Problem statement:
Print the full set of records below, character for character and picture-free.

START Supplied entries

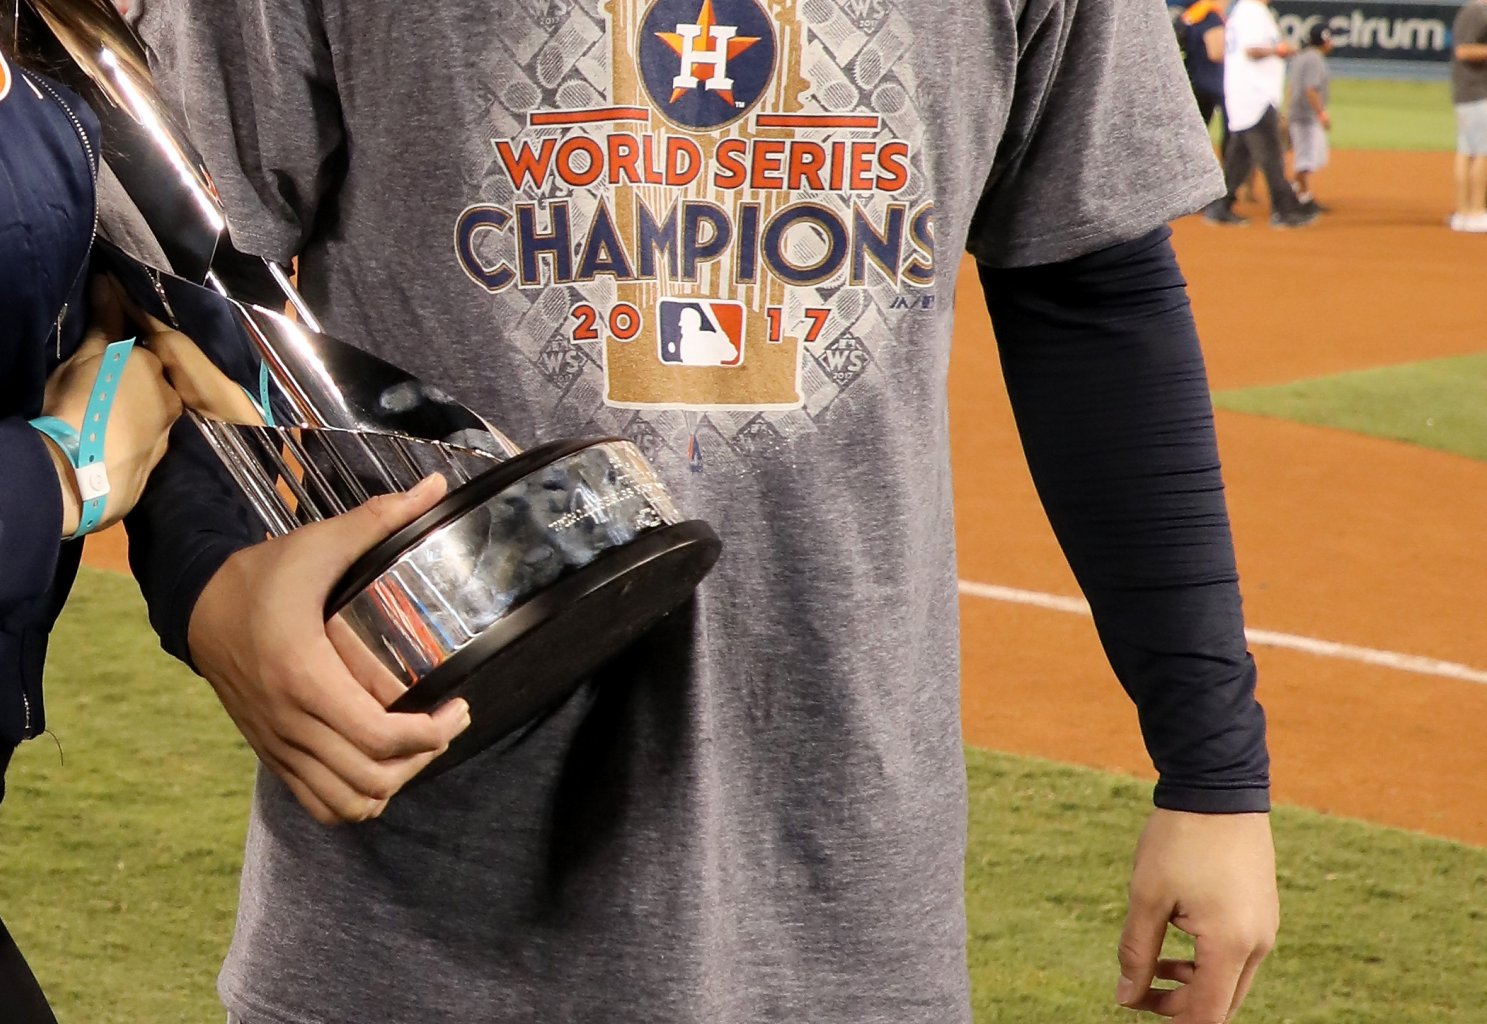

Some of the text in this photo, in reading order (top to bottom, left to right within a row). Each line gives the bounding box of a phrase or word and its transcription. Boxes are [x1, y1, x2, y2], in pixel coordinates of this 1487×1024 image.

[672, 23, 738, 91] H
[496, 130, 911, 192] WORLD SERIES
[455, 193, 935, 293] CHAMPIONS
[570, 303, 831, 344] 20 17
[825, 349, 864, 373] WS
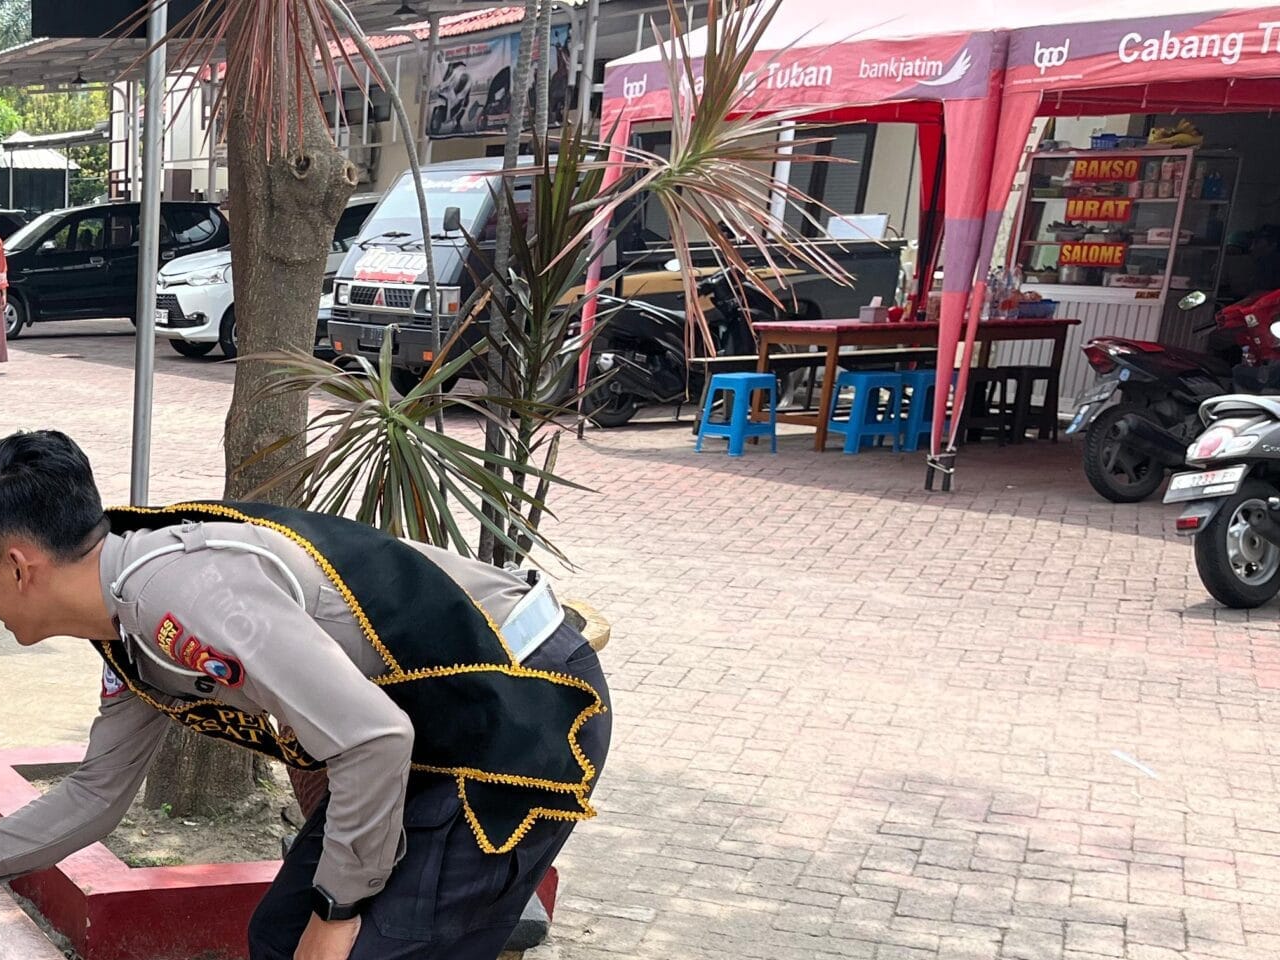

END Supplied entries

Answer section:
Some of the text in this photo, in reading order (top to bottom, left to right within a row). Each line gives the bounding box of a phrase or word and its transcription. Boxes are [x1, y1, x2, y2], in pixel coordinates of this 1487×1024 image.

[672, 23, 738, 91] H
[496, 130, 911, 192] WORLD SERIES
[455, 193, 935, 293] CHAMPIONS
[570, 303, 831, 344] 20 17
[825, 349, 864, 373] WS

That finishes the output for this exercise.